Tasks

A DAG runs through a series of Tasks. There are three basic kinds of Task:

Operators, predefined tasks that you can string together quickly to build most parts of your DAGs.
Sensors, a special subclass of Operators which are entirely about waiting for an external event to happen.
A TaskFlow-decorated @task, which is a custom Python function packaged up as a Task.

Attention

Airflow sends out Tasks to run on Workers as space becomes available, so there’s no guarantee all the tasks in your DAG will run on the same worker or the same machine.

Relationships

Tasks have dependencies declared on each other.

first_task >> [second_task, third_task]
fourth_task << third_task

, where >> and << — bitshift operators.

Note

Tasks don’t pass information to each other by default, and run entirely independently.
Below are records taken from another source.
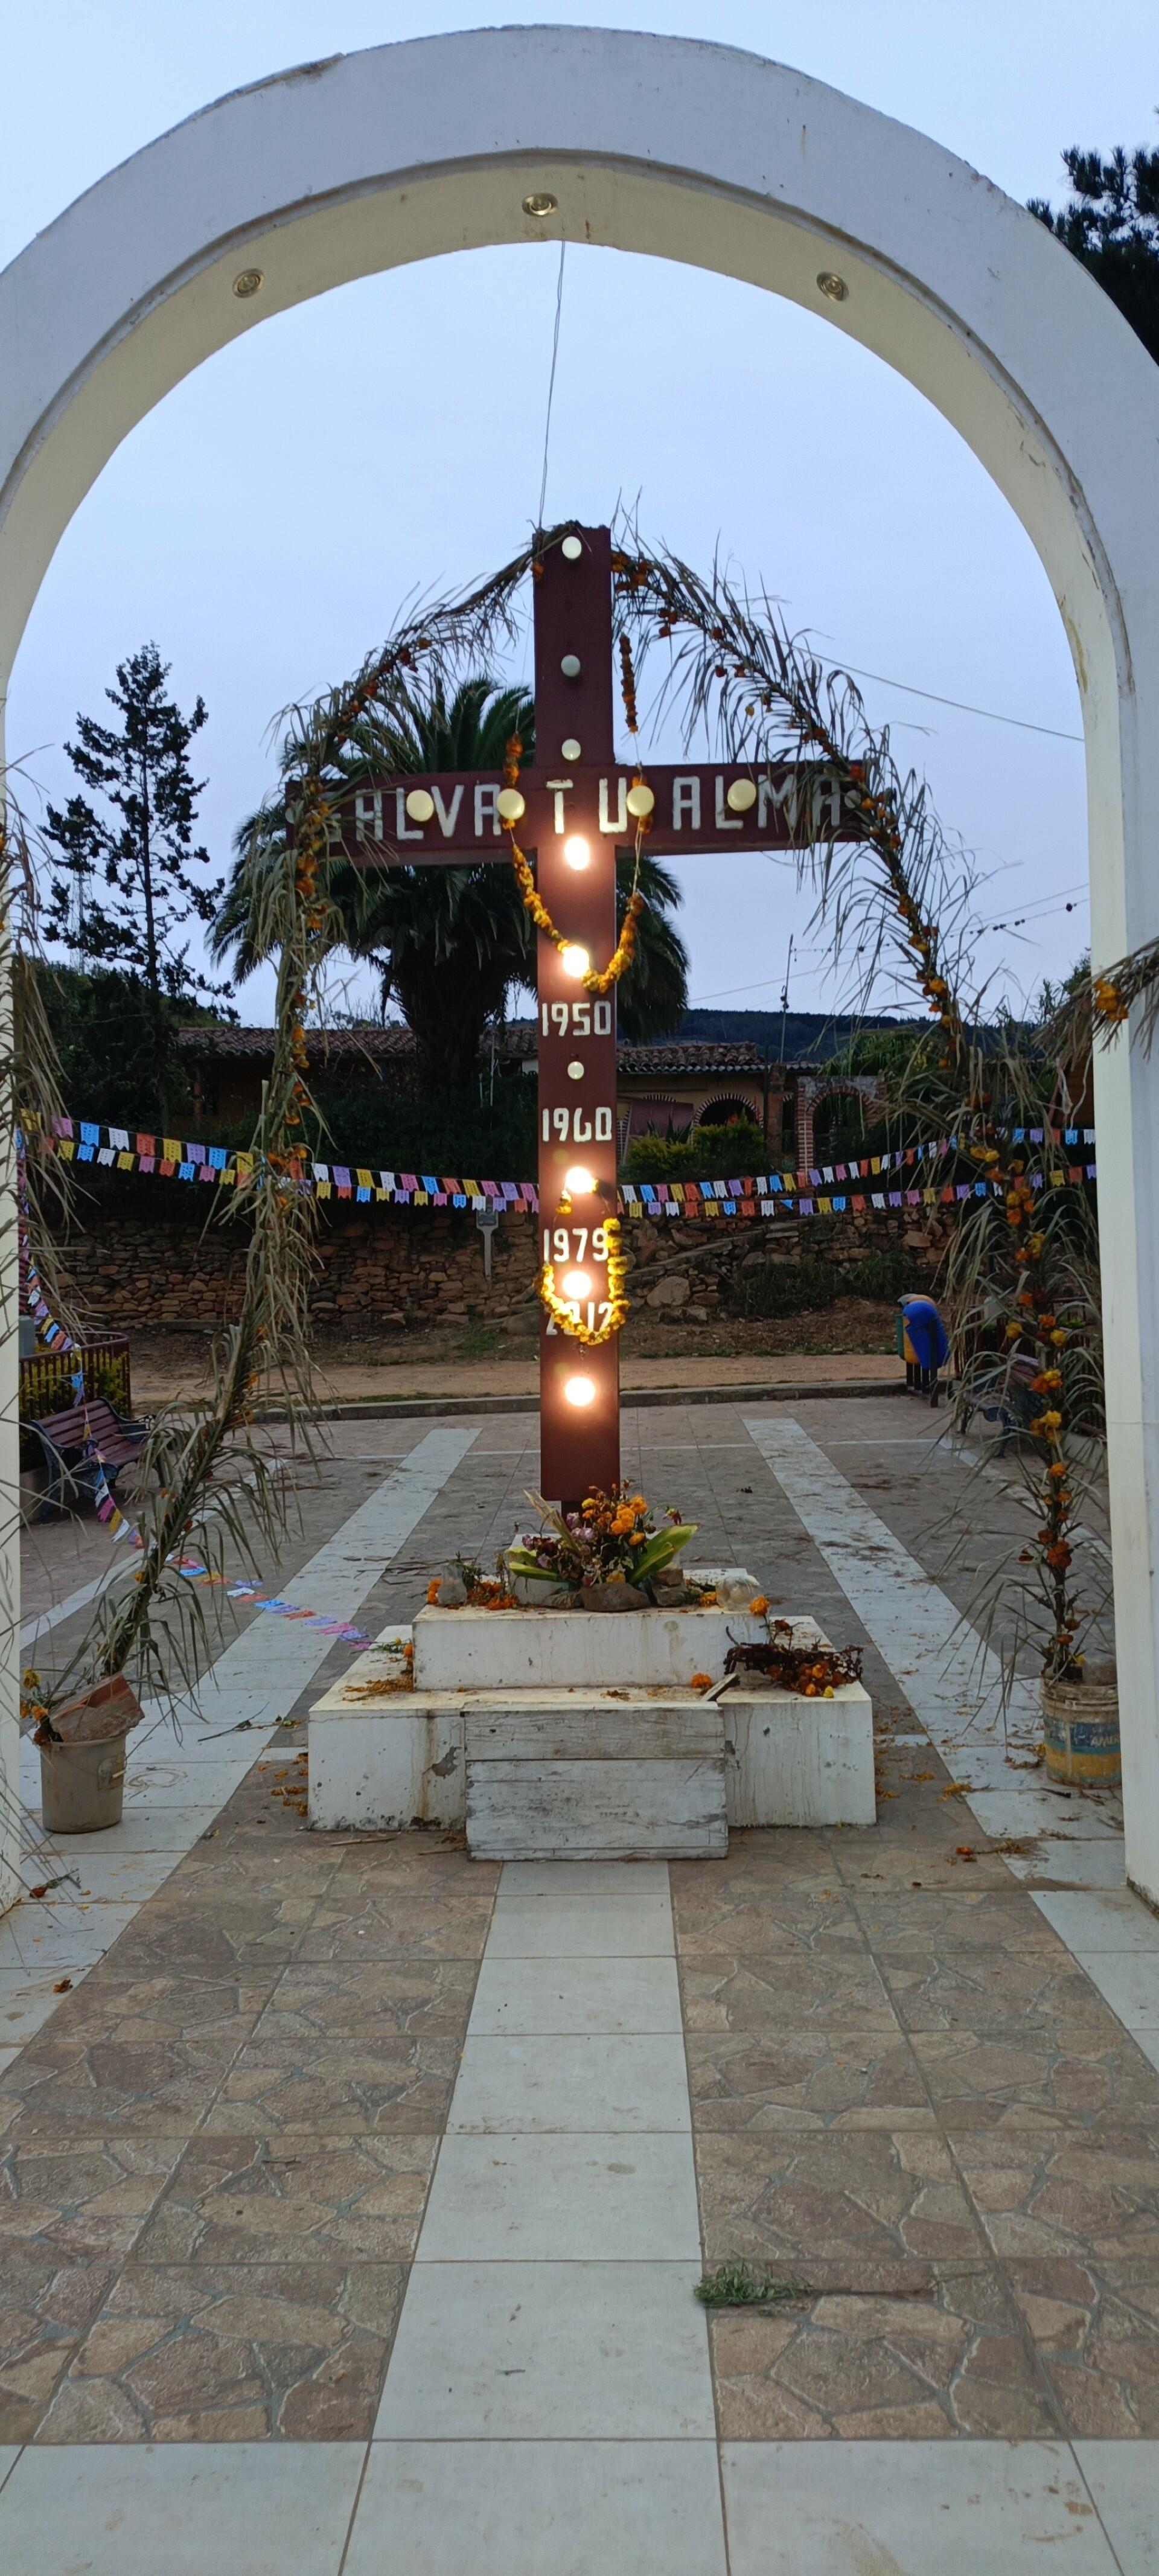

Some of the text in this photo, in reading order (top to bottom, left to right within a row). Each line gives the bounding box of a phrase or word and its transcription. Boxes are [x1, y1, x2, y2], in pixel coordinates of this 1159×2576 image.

[546, 778, 627, 834] TU
[672, 775, 840, 830] ALMA
[542, 1001, 612, 1037] 1950
[542, 1107, 613, 1143] 1960
[543, 1227, 610, 1264] 1979
If you want to pass information from one Task to another, you should use XComs.

Task Instances

Much in the same way that a DAG is instantiated into a DAG Run each time it runs, the tasks under a DAG are instantiated into Task Instances.
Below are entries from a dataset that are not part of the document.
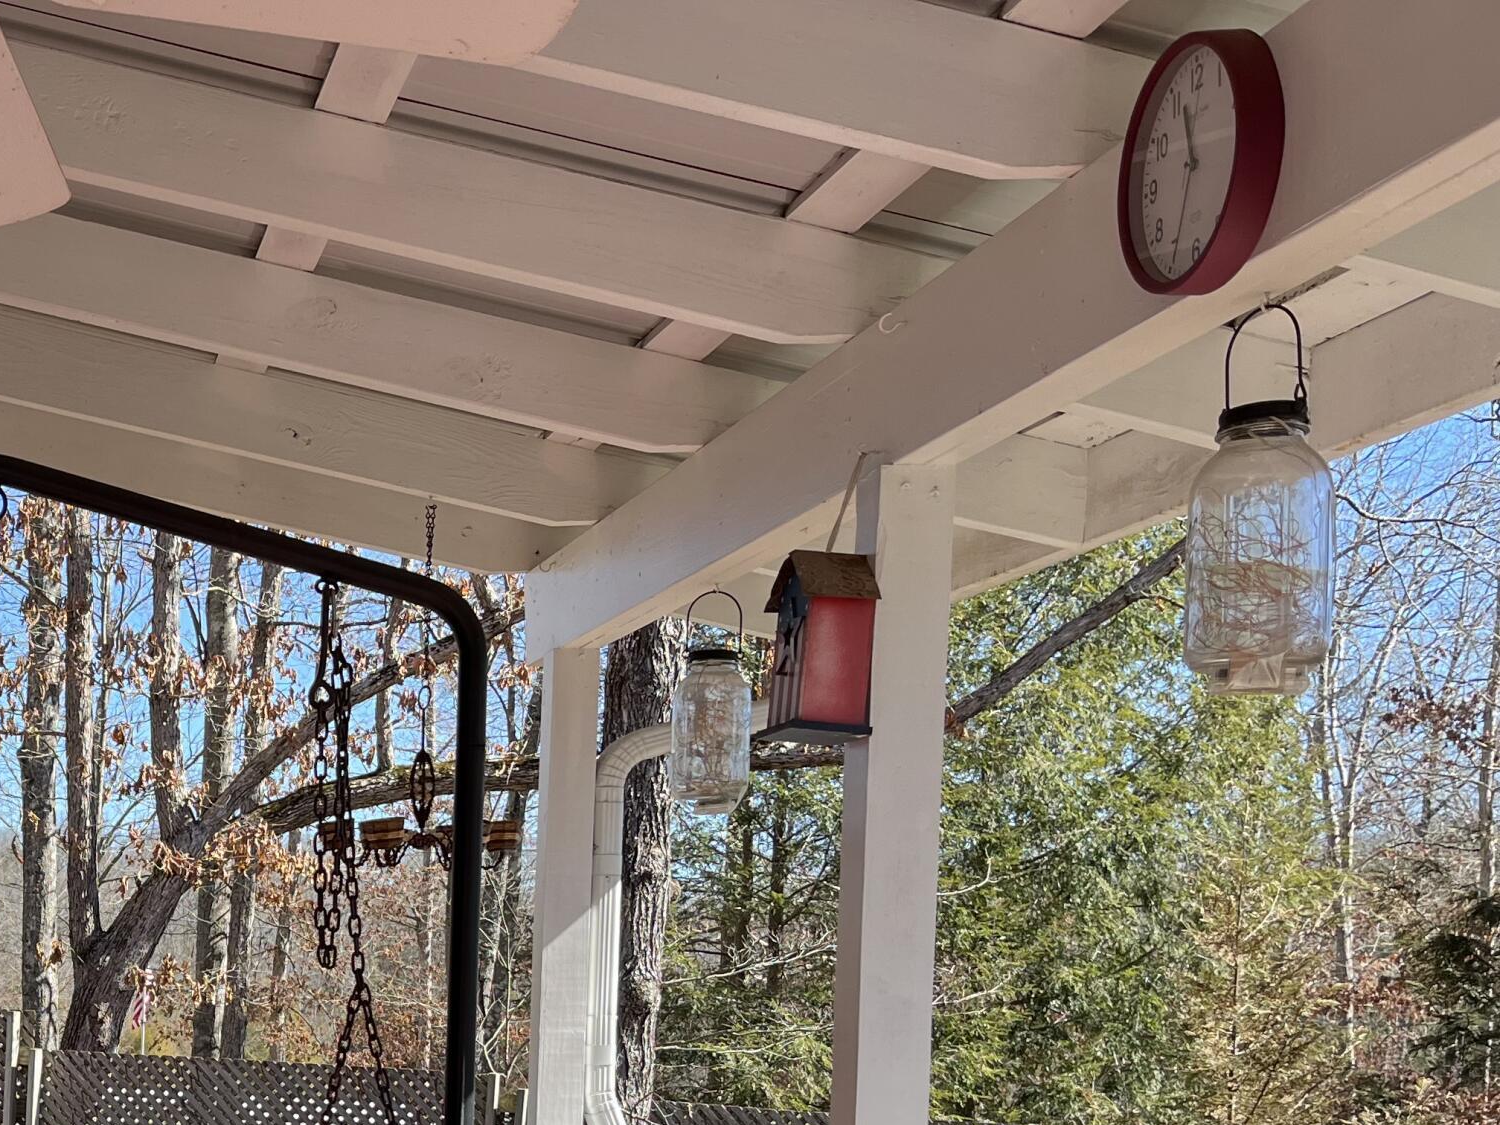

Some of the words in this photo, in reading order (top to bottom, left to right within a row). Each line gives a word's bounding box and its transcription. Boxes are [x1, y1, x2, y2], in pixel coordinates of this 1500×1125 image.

[1190, 63, 1204, 94] 12
[1172, 91, 1181, 120] 11
[1156, 132, 1169, 162] 10
[1149, 179, 1158, 205] 9
[1155, 218, 1164, 243] 8
[1171, 237, 1179, 265] 7
[1191, 237, 1201, 263] 6
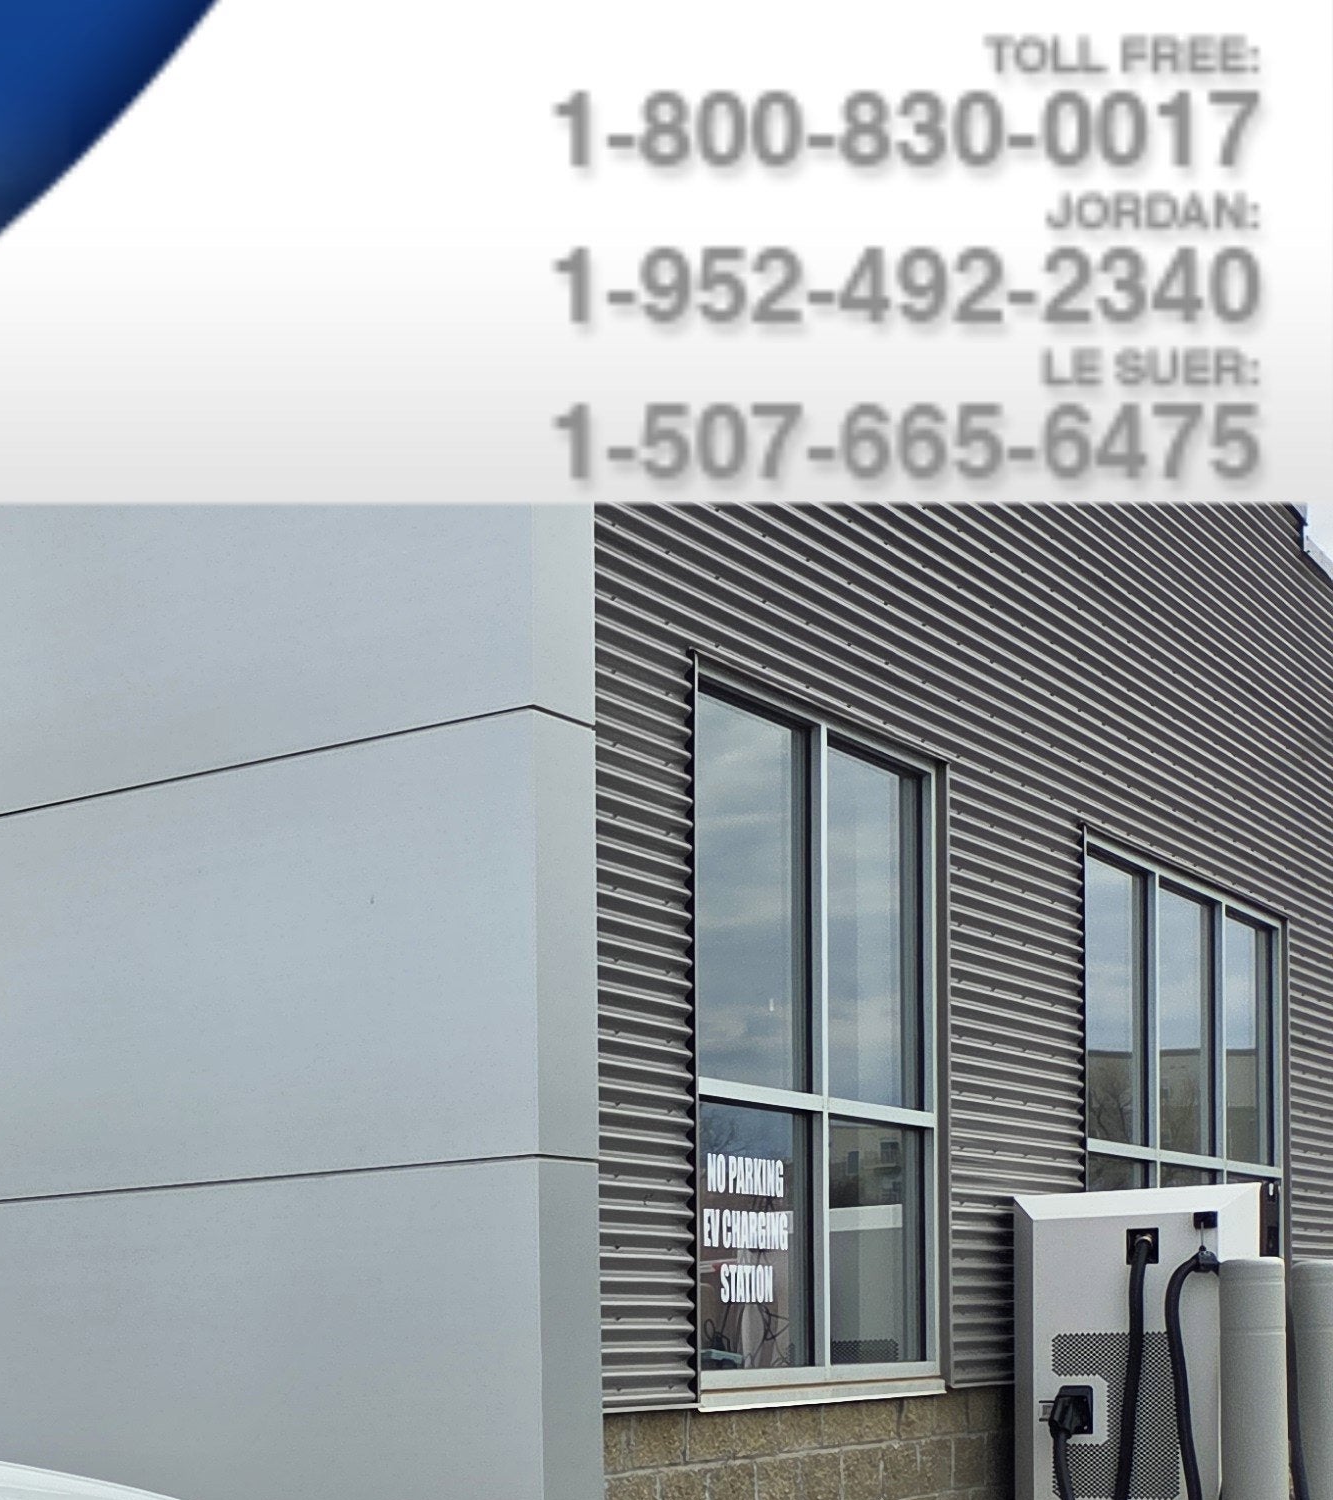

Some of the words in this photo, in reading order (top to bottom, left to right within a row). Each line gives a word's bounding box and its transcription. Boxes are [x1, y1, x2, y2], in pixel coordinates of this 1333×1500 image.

[706, 1152, 727, 1194] NO
[728, 1155, 784, 1198] PARKING
[703, 1208, 721, 1248] EV
[722, 1209, 789, 1251] CHARGING
[720, 1263, 774, 1304] STATION
The possible states for a Task Instance are:

none: The Task has not yet been queued for execution (its dependencies are not yet met)
scheduled: The scheduler has determined the Task’s dependencies are met and it should run
queued: The task has been assigned to an Executor and is awaiting a worker
running: The task is running on a worker (or on a local/synchronous executor)
success: The task finished running without errors
shutdown: The task was externally requested to shut down when it was running
restarting: The task was externally requested to restart when it was running
failed: The task had an error during execution and failed to run
skipped: The task was skipped due to branching, LatestOnly, or similar.
upstream_failed: An upstream task failed and the Trigger Rule says we needed it
up_for_retry: The task failed, but has retry attempts left and will be rescheduled.
up_for_reschedule: The task is a Sensor that is in reschedule mode
sensing: The task is a Smart Sensor
deferred: The task has been deferred to a trigger
removed: The task has vanished from the DAG since the run started

Ideally, the task should flow like this: none → scheduled → queued → running → success.

Relationship Terminology

Firstly, it can have upstream and downstream tasks:

task1 >> task2  # task2 - upstream for task1; task1 — downstream for task2.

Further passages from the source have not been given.